RENEE MONTAGNE, HOST:

In the construction sector of the economy, home building has still not recovered, but apartment construction is starting to move again. The recession created a new population of renters, and Denver is among the cities that don't have enough apartments. Here's Colorado Public Radio's Ben Markus.

BEN MARKUS, BYLINE: The first thing you notice about Lyn Mayo's apartment is her boyfriend's proudly displayed rock poster collection.

LYN MAYO: Most notable feature of the house.

MARKUS: This two-bedroom apartment in Denver's Congress Park neighborhood costs them more than $900 a month. A bargain, when you consider the costs of homeownership.

MAYO: Absolutely. They just found out that this place needs a new furnace - so, not my problem. And, you know, the toilet needs a new seal; not my problem. The roof needs to get replaced; not my problem.

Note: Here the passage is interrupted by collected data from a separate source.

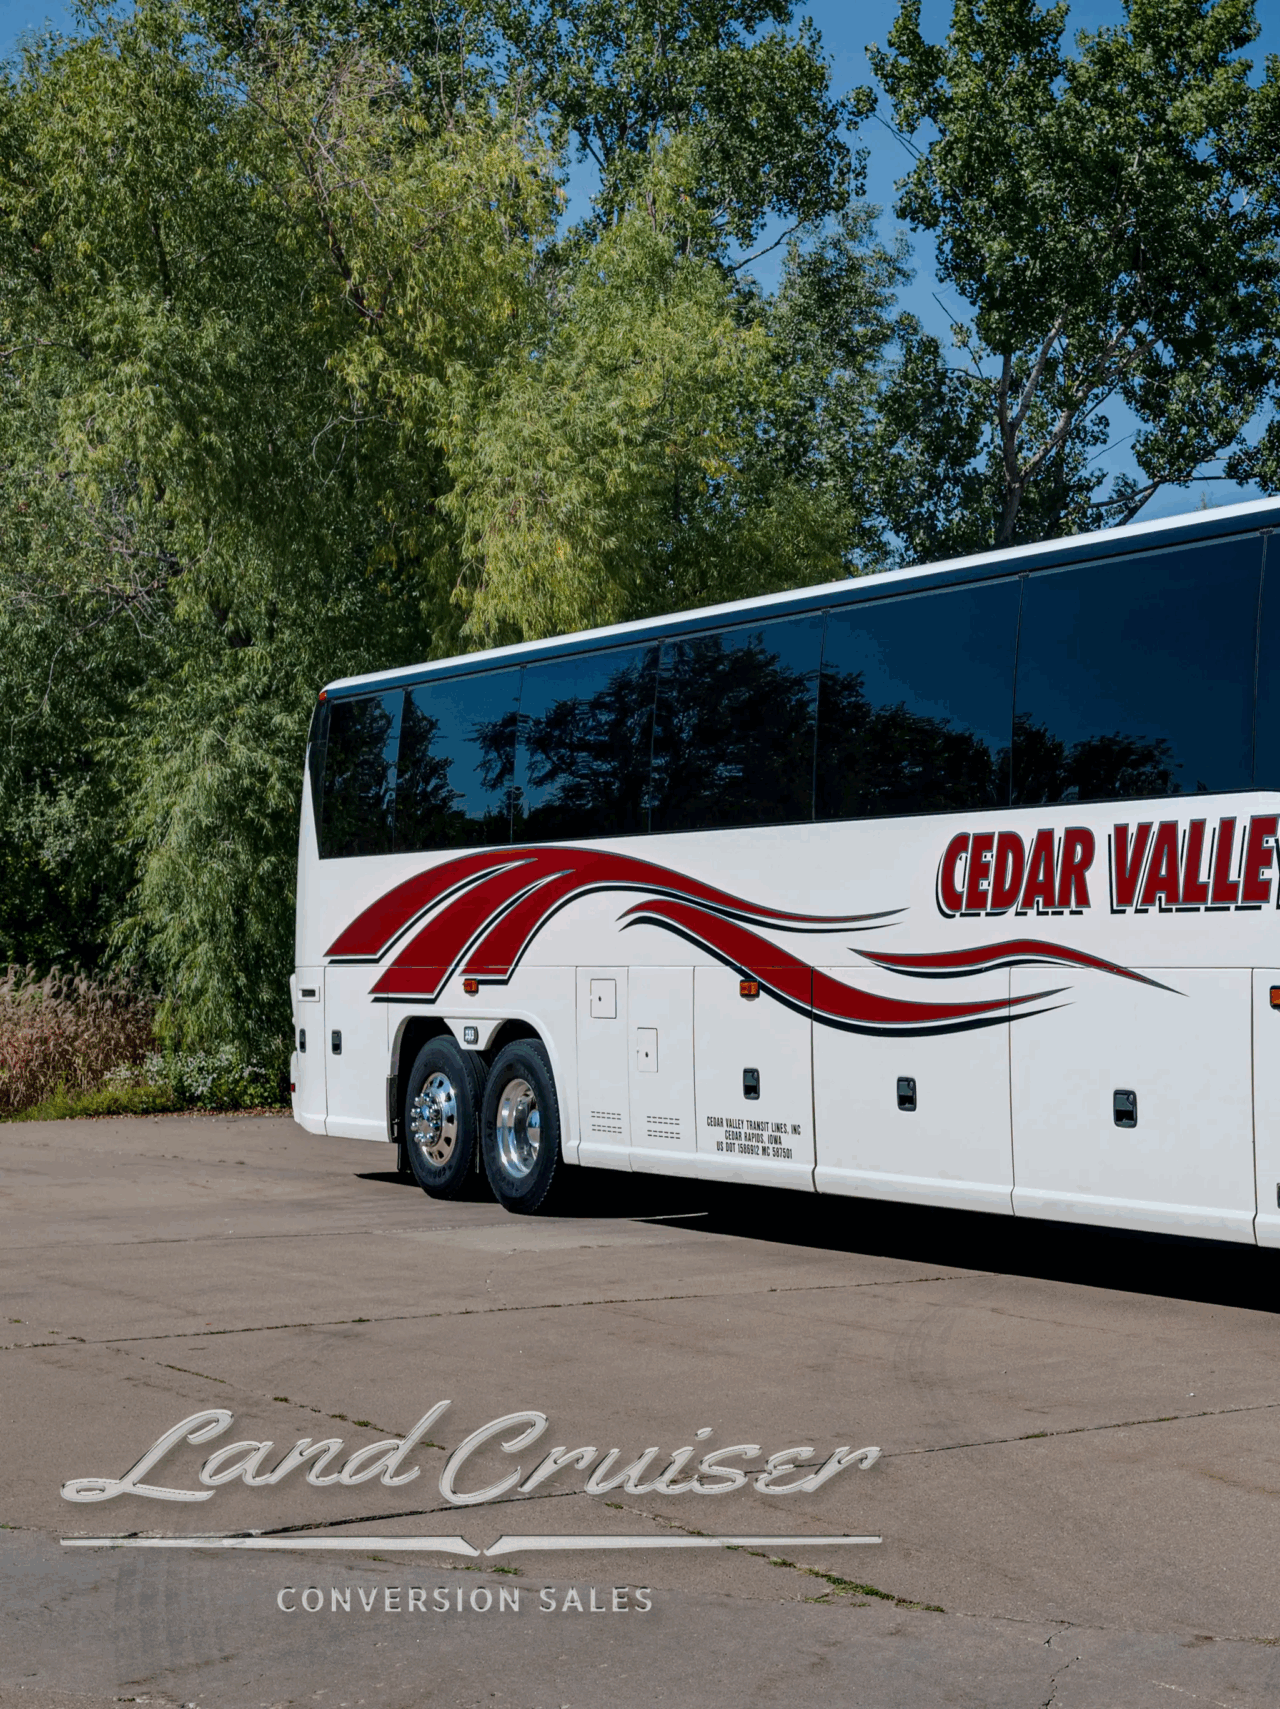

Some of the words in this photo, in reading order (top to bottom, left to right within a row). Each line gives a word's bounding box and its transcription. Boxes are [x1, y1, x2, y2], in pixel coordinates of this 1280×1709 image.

[935, 826, 1096, 919] CEDAR
[706, 1115, 724, 1128] CEDAR
[725, 1117, 745, 1130] VALLEY
[746, 1119, 770, 1132] TRANSIT
[771, 1121, 789, 1135] LINES,
[724, 1129, 743, 1142] CEDAR
[744, 1131, 766, 1144] RAPIDS,
[767, 1133, 783, 1146] IOWA
[716, 1141, 724, 1152] US
[725, 1141, 736, 1153] DOT
[761, 1145, 771, 1157] MC

MARKUS: Mayo did try, in 2009, to buy a home using the first-time homebuyer tax credit. But because of stricter lending standards, she couldn't close the deal - though these days she sees herself as lucky, having watched her friends struggle to keep their homes.

MAYO: And so I think the idea of a home being an investment is kind of a myth. And I just don't see the benefit, really.

MARKUS: Mayo, and thousands like her, have flooded Denver's rental market. Stricter loan standards, foreclosures, and a fast-growing population have pushed the city's apartment occupancy to a 10-year high.

(SOUNDBITE OF CONSTRUCTION)

MARKUS: And builders have noticed the trend.

DAVID ZUCKER: My name is David Zucker. I'm president of Zocolo Development in Denver.

MARKUS: Zucker stands next to his latest project - a poured-concrete building near downtown, crawling with men in hard hats. For the past few years, apartment construction - or any construction, for that matter - was at a standstill in Denver.

ZUCKER: And so the fact that we are in what might be considered a building boom today is truly remarkable.

MARKUS: This project was originally planned as condos. But when the housing market collapsed, Zucker went back to the drawing board. Eventually, his financers looked at all the renters entering the market, and they liked his new idea of retooling the project from 60 condos to more than 200 apartments.

ZUCKER: In 2010, they were not interested in new construction and today, they are. It was such a quick reversal. What was it that changed? It was the realization that multifamily is a relatively safe investment today.

MARKUS: Now, more than a dozen apartment buildings are going up in the Denver metro area, and dozens more are planned.

Greg Benjamin is with NorthMarq Capital, an investment brokerage firm. He says financing is available now because demand is outstripping supply, allowing landlords to charge higher rents.

GREG BENJAMIN: Which is now getting near the level that you can justify new construction, based on those types of rents, because now we have a reasonable return on cost.

MARKUS: And Denver's not the only place with that reasonable return on cost. Patrick Newport, an economist with IHS Global Insight, says builders are putting up apartments all across the country. And he thinks that this will be a lasting trend.

PATRICK NEWPORT: We're going to see more renting, less homeownership. And the recovery that we see in the housing market is going to be one that's characterized more by more apartment construction, and less by single-family construction.

MARKUS: Which is nearly the exact opposite from before the recession, when single-family homes dominated. But with all this buzz surrounding apartments, is it possible this could turn into an apartment-building bubble?

(SOUNDBITE OF CONSTRUCTION)

MARKUS: That brings us back to David Zucker and his half-built apartment project.

ZUCKER: It just would be nice if developers could muster some level of temperance.